Inhibition of Immunosuppressive Tumors by Polymer-Assisted Inductions of Immunogenic Cell Death and Multivalent PD-L1 Crosslinking

Adv Funct Mater. 2020 Mar 17;30(12):1908961. doi: 10.1002/adfm.201908961. Epub 2020 Feb 3.

Abstract

Checkpoint blockade immunotherapies harness the host's own immune system to fight cancer, but only work against tumors infiltrated by swarms of pre-existing T cells. Unfortunately, most cancers to date are immune-deserted. Here, we report a polymer-assisted combination of immunogenic chemotherapy and PD-L1 degradation for efficacious treatment in originally non-immunogenic cancer. "Priming" tumors with backbone-degradable polymer-epirubicin conjugates elicits immunogenic cell death and fosters tumor-specific CD8+ T cell response. Sequential treatment with a multivalent polymer-peptide antagonist to PD-L1 overcomes adaptive PD-L1 enrichment following chemotherapy, biases the recycling of PD-L1 to lysosome degradation via surface receptor crosslinking, and produces prolonged elimination of PD-L1 rather than the transient blocking afforded by standard anti-PD-L1 antibodies.

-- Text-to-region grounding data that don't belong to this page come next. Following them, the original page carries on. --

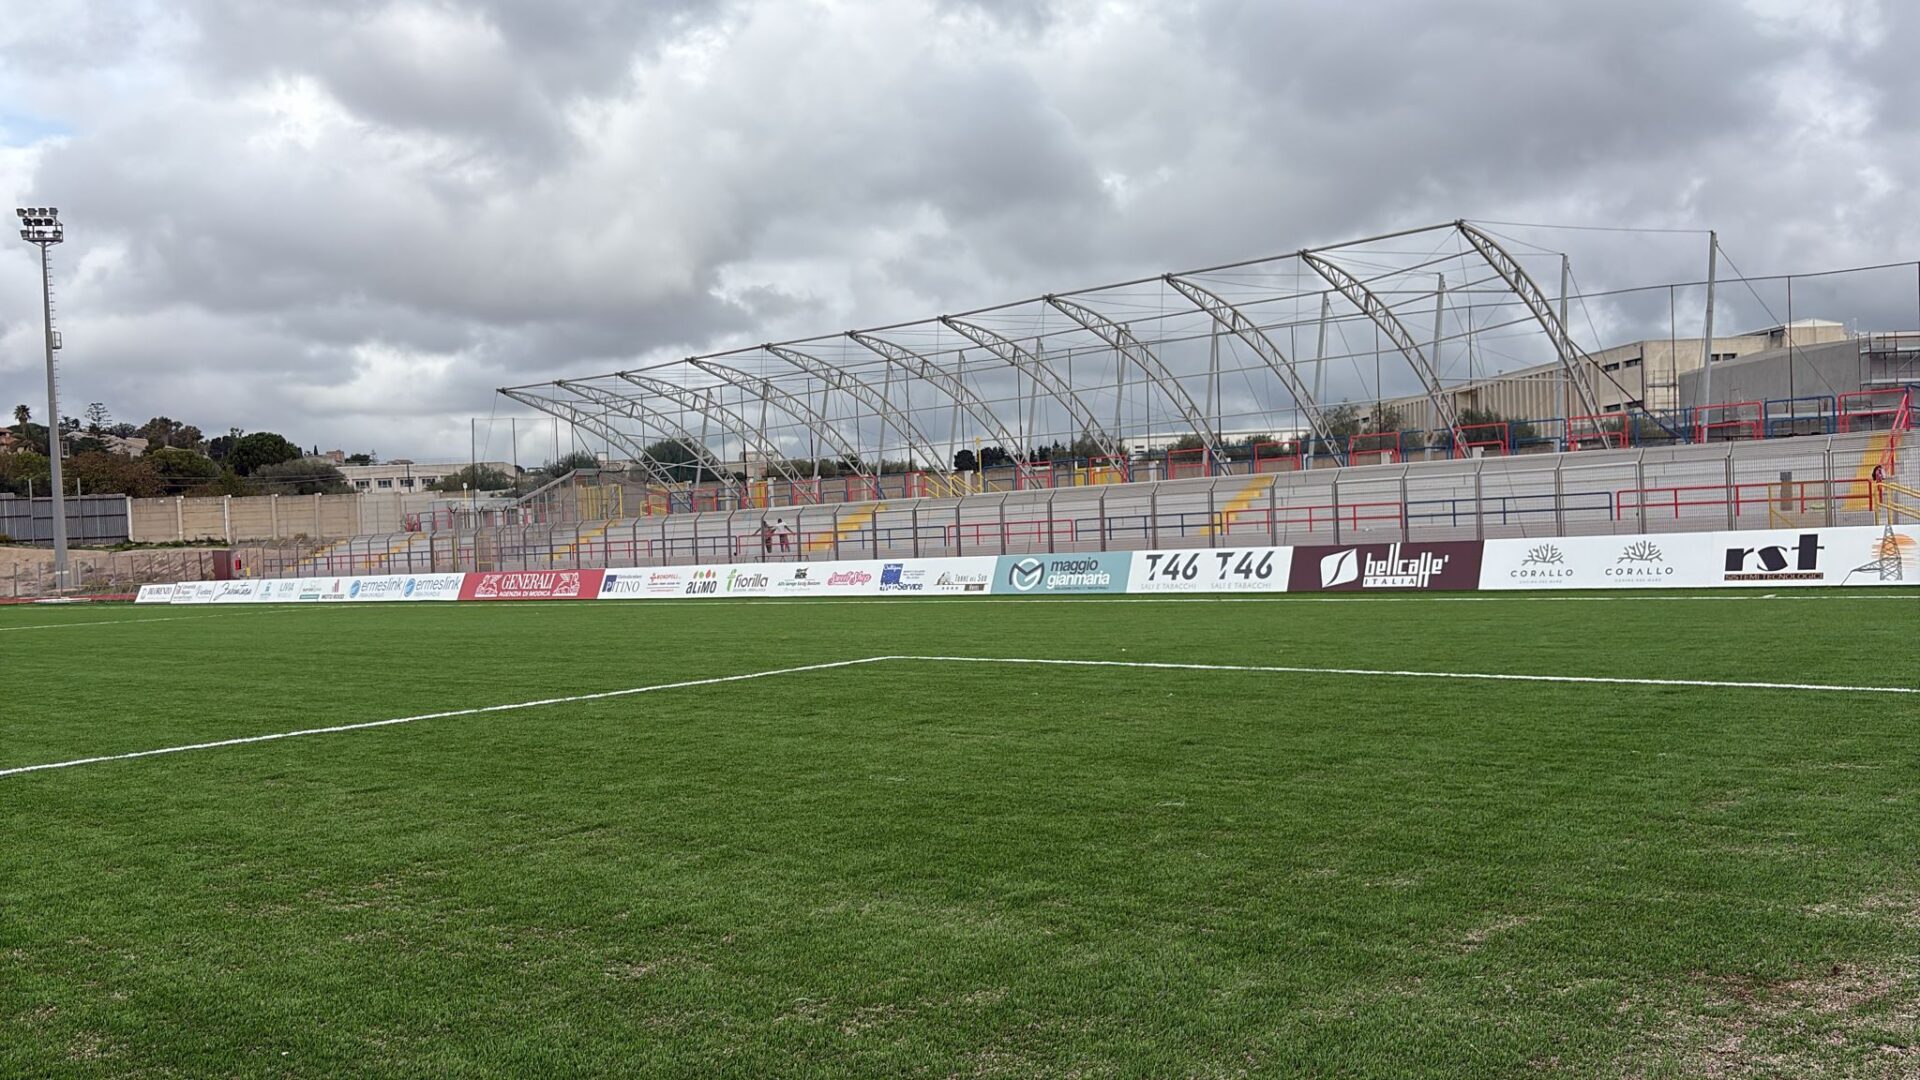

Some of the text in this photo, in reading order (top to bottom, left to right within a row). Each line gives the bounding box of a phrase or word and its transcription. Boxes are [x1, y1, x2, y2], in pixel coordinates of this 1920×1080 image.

[1725, 534, 1825, 571] rst
[1051, 557, 1098, 574] maggio
[1146, 552, 1200, 581] T46
[1216, 551, 1275, 580] T46
[1510, 568, 1574, 578] CORALLO
[1605, 567, 1674, 576] CORALLO
[361, 577, 403, 592] ermeslink
[416, 576, 461, 590] ermeslink
[502, 573, 557, 590] GENERALI
[734, 573, 768, 588] fiorilla
[1047, 571, 1110, 589] gianmaria
[1162, 582, 1197, 590] TABACCHI
[1233, 581, 1272, 589] TABACCHI
[1364, 578, 1416, 586] ITALIA

Together, these findings established the polymer-facilitated tumor targeting of immunogenic drugs and surface crosslinking of PD-L1 as a potential new therapeutic strategy to propagate a long-term antitumor immunity, which might broaden the application of immunotherapy to immunosuppressive cancers.

Keywords: HPMA polymer; PD-L1 crosslinking; checkpoint blockade immunotherapy; immunogenic cell death; immunosuppressive tumor.